Tarina Byandara pun membuang napas ketika melihat putra semata wayangnya kebingungan. Ia mengerling pada arloji di pergelangan tangan. "Saya akan suruh Pak Jaya untuk siapkan kamu obat. Saat kamu sudah sehat, jangan bolos sekolah lagi," ucap si Nyonya Byandara setelah membersihkan dapur lalu meraih tas di atas sofa.
"Udah mau pergi?" Semesta menengok ke arah mama. Wanita pemilik butik yang dulunya pernah berprofesi sebagai model itu sangat jarang ia temui. Satu-satunya kesempatan bagi Semesta untuk melihat paras mamanya ialah saat ia disuruh berkunjung ke rumah atau ada hal yang mendesak. Giliran sekarang Tarina duluan yang mengunjungi Semesta, tetapi mereka hanya bisa bersama dalam waktu yang begitu singkat.
"Habiskan supnya." Balasan yang keluar dari mulut mama sama sekali tidak menjawab pertanyaan Semesta. Namun, wanita itu tampak berhenti sejenak saat melihat sebungkus roti keju dan sekotak susu cokelat tergeletak di sofa. "Kamu suka rasa keju dan cokelat juga? Saya kira kamu hanya suka stroberi."

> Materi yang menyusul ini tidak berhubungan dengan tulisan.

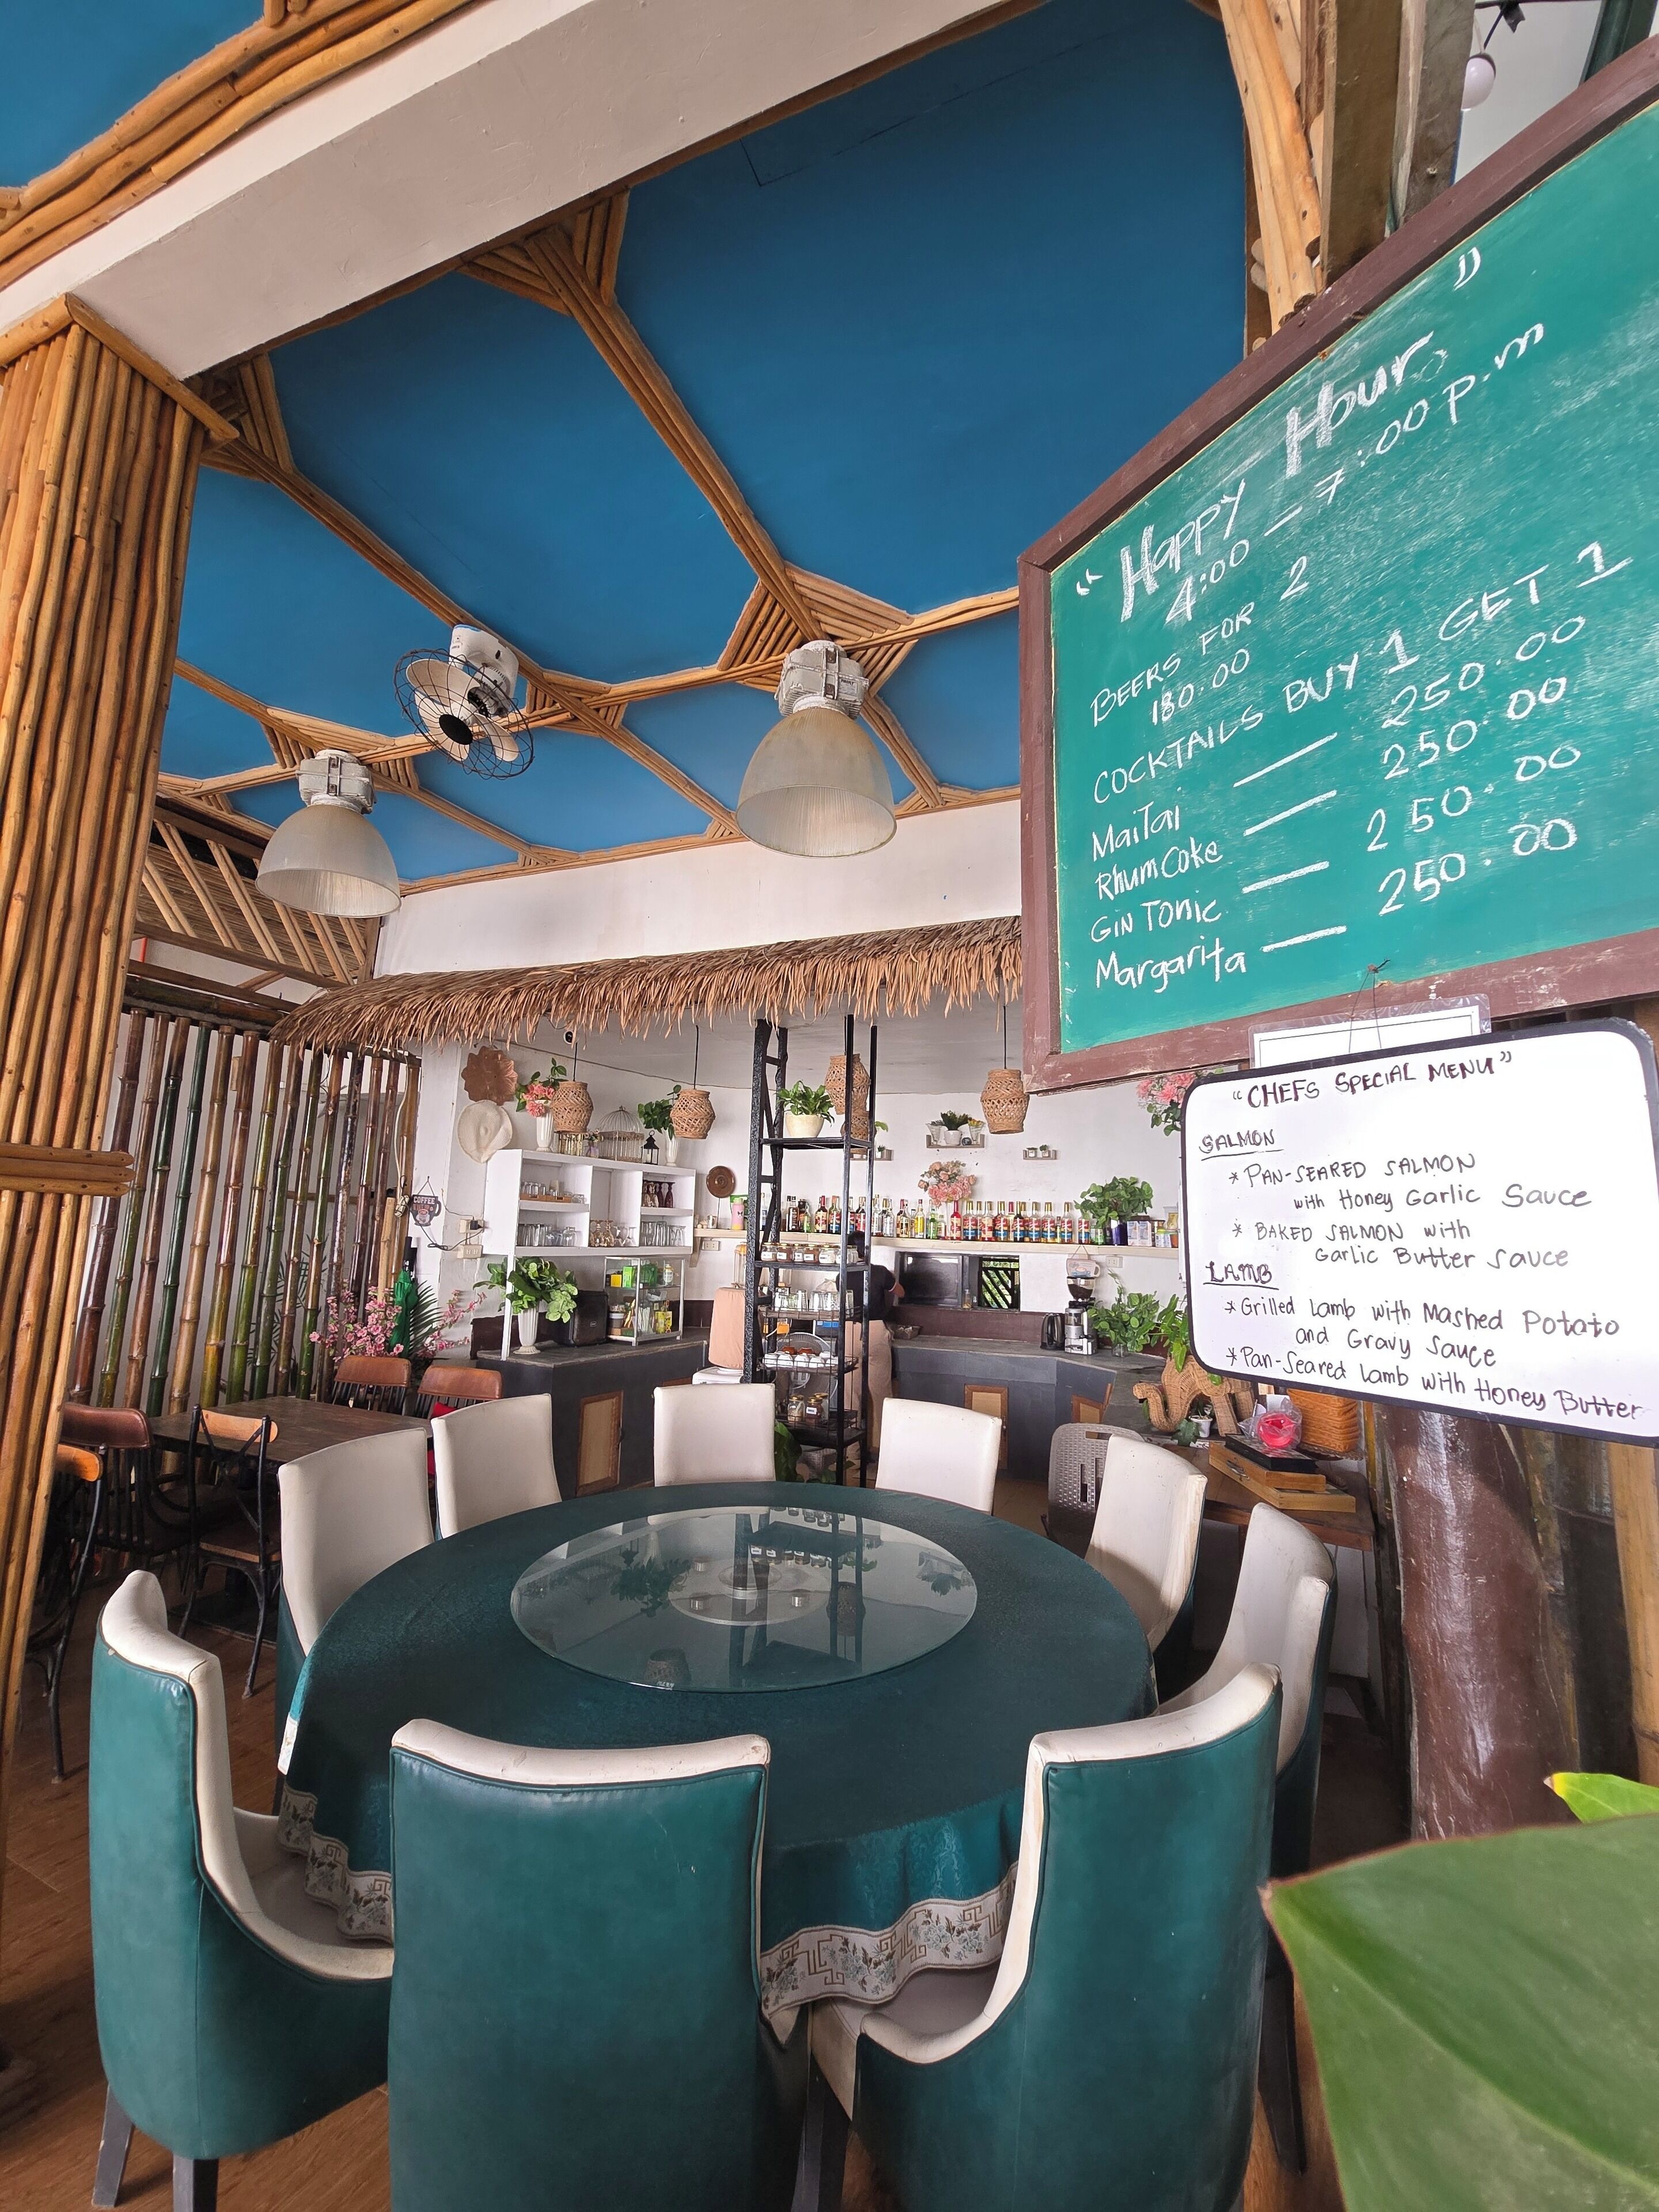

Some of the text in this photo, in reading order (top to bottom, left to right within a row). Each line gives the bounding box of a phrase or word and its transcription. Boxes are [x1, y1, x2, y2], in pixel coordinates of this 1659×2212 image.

[1165, 539, 1249, 623] 4:00
[1314, 399, 1430, 506] 7:00
[1090, 556, 1309, 727] BEERS FOR 2
[1094, 541, 1634, 804] COCKTAILS BUY 1 GET 1
[1152, 649, 1250, 726] 180.00
[1096, 935, 1247, 994] Margarita
[1335, 1062, 1417, 1095] SPECIAL
[1199, 1128, 1275, 1154] SALMON
[1243, 1153, 1475, 1188] PAN-SEARED SALMON
[413, 1196, 436, 1205] COFFEE
[1293, 1183, 1592, 1213] with Honey Garlic Sauce
[1254, 1219, 1471, 1242] BAKED SALMON with
[1205, 1260, 1273, 1285] LAMB
[1315, 1244, 1378, 1264] Garlic
[1393, 1247, 1476, 1270] Butter
[1240, 1296, 1296, 1316] Grilled
[1371, 1300, 1412, 1325] with
[1423, 1302, 1503, 1331] Mashed
[1522, 1309, 1620, 1338] Potato
[1296, 1326, 1497, 1368] and Gravy Sauce
[1240, 1346, 1347, 1380] Pan-Seared
[1421, 1371, 1466, 1394] with
[1474, 1377, 1547, 1411] Honey
[1552, 1389, 1644, 1420] Butter

"Eh?" Agak terperanjat, Semesta mengerutkan kening. Barulah di detik ketiga usai pertanyaan itu dilontarkan ia mengerti apa yang dimaksud sang mama. "Itu ... dikasih teman." Tarina menatap Semesta agak lama. Setelah itu ia hanya berjalan menuju pintu keluar apartemen Semesta. Tanpa perlu memperpanjang percakapan mereka lagi.

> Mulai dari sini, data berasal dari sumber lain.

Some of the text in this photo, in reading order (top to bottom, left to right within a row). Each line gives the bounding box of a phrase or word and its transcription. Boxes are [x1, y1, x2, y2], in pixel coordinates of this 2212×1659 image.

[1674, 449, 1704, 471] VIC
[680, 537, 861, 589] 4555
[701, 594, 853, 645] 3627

Sementara itu Semesta yang duduk terdiam di kursi makan kembali menatap sup ayam bertabur daun bawang di depannya. Perlahan, ia menyendok kuah sup lalu meniupnya. Menyeruput air hangat berbumbu itu hingga sampai di lidah.
Enak.
Seakan-akan sesendok sup tersebut punya kekuatan magis untuk meredakan perut Semesta yang mual dan kepalanya yang tengah pening. Apa semangkuk sup ayam hangat memang semujarab ini? Atau ini semua karena orang yang membuatnya? Sampai sup itu habis pun Semesta masih juga tidak menemukan jawaban atas pertanyaannya.
.
.
.
Emak-bapaknya Sam emang aura milf sama dilf-nya kuat banget wkwk.